Wisconsin municipalities are holding the line on borrowing, even as rising property values expand their capacity to take on more debt.

Data from the Wisconsin Policy Forum’s 2025 MuniTool shows that general obligation (G.O.) debt across all cities and villages grew just 2.9% in 2023, the smallest annual increase in the past decade.

That modest rise pushed total G.O. debt statewide to $8.8 billion, but most individual municipalities did not contribute to the increase. In fact, only 33.7% of cities and villages reported taking on more debt last year, while the majority held steady or reduced their liabilities. The trend reflects what researchers describe as cautious fiscal management despite rising construction costs, infrastructure demands, and inflation-driven budget pressure.

Compounding the trend is a decline in Wisconsin’s overall municipal debt burden relative to state-imposed limits. The state restricts how much debt a municipality can carry by tying the cap to a percentage of total equalized property value. In 2023, municipalities were using just 32.2% of their total allowable debt, down from 35.2% in 2022. A decade ago, that figure was above 40%.

The reduction is not because cities are shrinking their borrowing needs, but because property values across Wisconsin are rising at an unprecedented pace, outpacing both inflation and the rate of new debt issuance. That growth in assessed value effectively increases borrowing capacity without triggering alarms about debt sustainability.

Still, the decision by many municipalities to refrain from borrowing reflects broader caution. In interviews conducted separately with municipal finance officials over the past year, several noted that pandemic-era revenue instability and delayed infrastructure projects created a backlog of needs—but also increased sensitivity to taking on new obligations. In many cases, officials chose to phase projects over longer timelines or wait for federal or state grants to offset borrowing.

The debt restraint comes at a time when many municipalities are juggling competing pressures. Inflation has increased the cost of construction materials, public works contracts, and labor, making previously approved capital improvement plans more expensive to execute. At the same time, rising interest rates have made new debt less attractive, especially for communities without strong credit ratings.

In this environment, some local governments are instead relying on fund balances, state or federal aid, or delaying major infrastructure investments altogether. The outcome is a landscape in which municipal borrowing capacity is growing, but actual borrowing is stagnant or even declining.

This debt pattern is not unique to Wisconsin. Nationwide, municipal borrowing has slowed since the COVID-19 pandemic, even amid significant federal funding infusions through the American Rescue Plan Act (ARPA) and the Infrastructure Investment and Jobs Act.

Many cities have chosen to spend federal dollars on one-time needs rather than use them to leverage more long-term debt. For smaller Wisconsin communities in particular, that choice has meant focusing on essentials—water and sewer upgrades, street resurfacing, or facility maintenance—without expanding their debt portfolios.

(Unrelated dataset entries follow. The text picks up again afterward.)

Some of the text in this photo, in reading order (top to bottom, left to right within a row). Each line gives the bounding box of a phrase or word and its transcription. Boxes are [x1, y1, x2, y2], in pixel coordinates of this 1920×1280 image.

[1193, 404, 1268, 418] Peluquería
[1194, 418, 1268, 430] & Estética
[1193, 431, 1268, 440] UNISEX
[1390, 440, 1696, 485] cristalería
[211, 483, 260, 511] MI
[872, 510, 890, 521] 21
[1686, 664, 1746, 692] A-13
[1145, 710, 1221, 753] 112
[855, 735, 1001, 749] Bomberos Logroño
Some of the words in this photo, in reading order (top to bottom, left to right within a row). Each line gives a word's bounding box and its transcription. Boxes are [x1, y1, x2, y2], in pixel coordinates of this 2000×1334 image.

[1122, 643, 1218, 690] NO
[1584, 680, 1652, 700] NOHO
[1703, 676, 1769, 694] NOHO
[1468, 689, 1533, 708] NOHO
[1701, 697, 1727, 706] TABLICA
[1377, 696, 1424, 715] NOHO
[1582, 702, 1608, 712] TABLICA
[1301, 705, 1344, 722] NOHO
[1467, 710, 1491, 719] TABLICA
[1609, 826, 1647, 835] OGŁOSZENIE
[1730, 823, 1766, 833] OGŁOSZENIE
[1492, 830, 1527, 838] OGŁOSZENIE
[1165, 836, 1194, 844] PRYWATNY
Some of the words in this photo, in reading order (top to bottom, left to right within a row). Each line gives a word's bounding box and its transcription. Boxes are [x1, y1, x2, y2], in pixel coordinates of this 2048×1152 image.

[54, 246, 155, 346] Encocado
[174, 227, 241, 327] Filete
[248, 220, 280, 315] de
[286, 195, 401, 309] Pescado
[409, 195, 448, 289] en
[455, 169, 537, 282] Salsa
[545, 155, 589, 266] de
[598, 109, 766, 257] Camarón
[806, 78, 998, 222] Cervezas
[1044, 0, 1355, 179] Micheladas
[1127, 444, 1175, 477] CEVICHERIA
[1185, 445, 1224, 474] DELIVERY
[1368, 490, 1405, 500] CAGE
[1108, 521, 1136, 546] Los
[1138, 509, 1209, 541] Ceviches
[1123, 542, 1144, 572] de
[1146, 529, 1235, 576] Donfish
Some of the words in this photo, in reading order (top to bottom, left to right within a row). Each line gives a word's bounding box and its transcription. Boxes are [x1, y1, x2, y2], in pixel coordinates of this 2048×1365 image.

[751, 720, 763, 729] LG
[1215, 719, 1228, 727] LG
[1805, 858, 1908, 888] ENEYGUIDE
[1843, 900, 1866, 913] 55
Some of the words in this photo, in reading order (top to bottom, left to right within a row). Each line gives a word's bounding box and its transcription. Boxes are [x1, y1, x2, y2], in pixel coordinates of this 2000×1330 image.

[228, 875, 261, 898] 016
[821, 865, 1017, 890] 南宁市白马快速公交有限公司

The Wisconsin Policy Forum’s analysis makes clear that local debt limits are becoming less restrictive over time, not because of legislative change, but due to the surge in real estate value. Between 2021 and 2024, equalized values across many Wisconsin municipalities rose by double digits, expanding the margin between actual debt and legal caps. This could give local governments more room to maneuver in future years—if they choose to use it.

Whether they will remains uncertain. While some larger cities, like Milwaukee and Madison, are exploring strategic borrowing to address deferred maintenance and public housing backlogs, many smaller municipalities appear committed to a pay-as-you-go strategy. That discipline may shield them from risk in a downturn, but it could also leave infrastructure underfunded if inflation continues to erode purchasing power.

Ultimately, the Forum’s findings point to a complex fiscal environment. Wisconsin municipalities are wealthier on paper, but more cautious in practice. With more capacity to borrow than ever before, many are choosing restraint, an approach shaped as much by recent history as by current opportunity.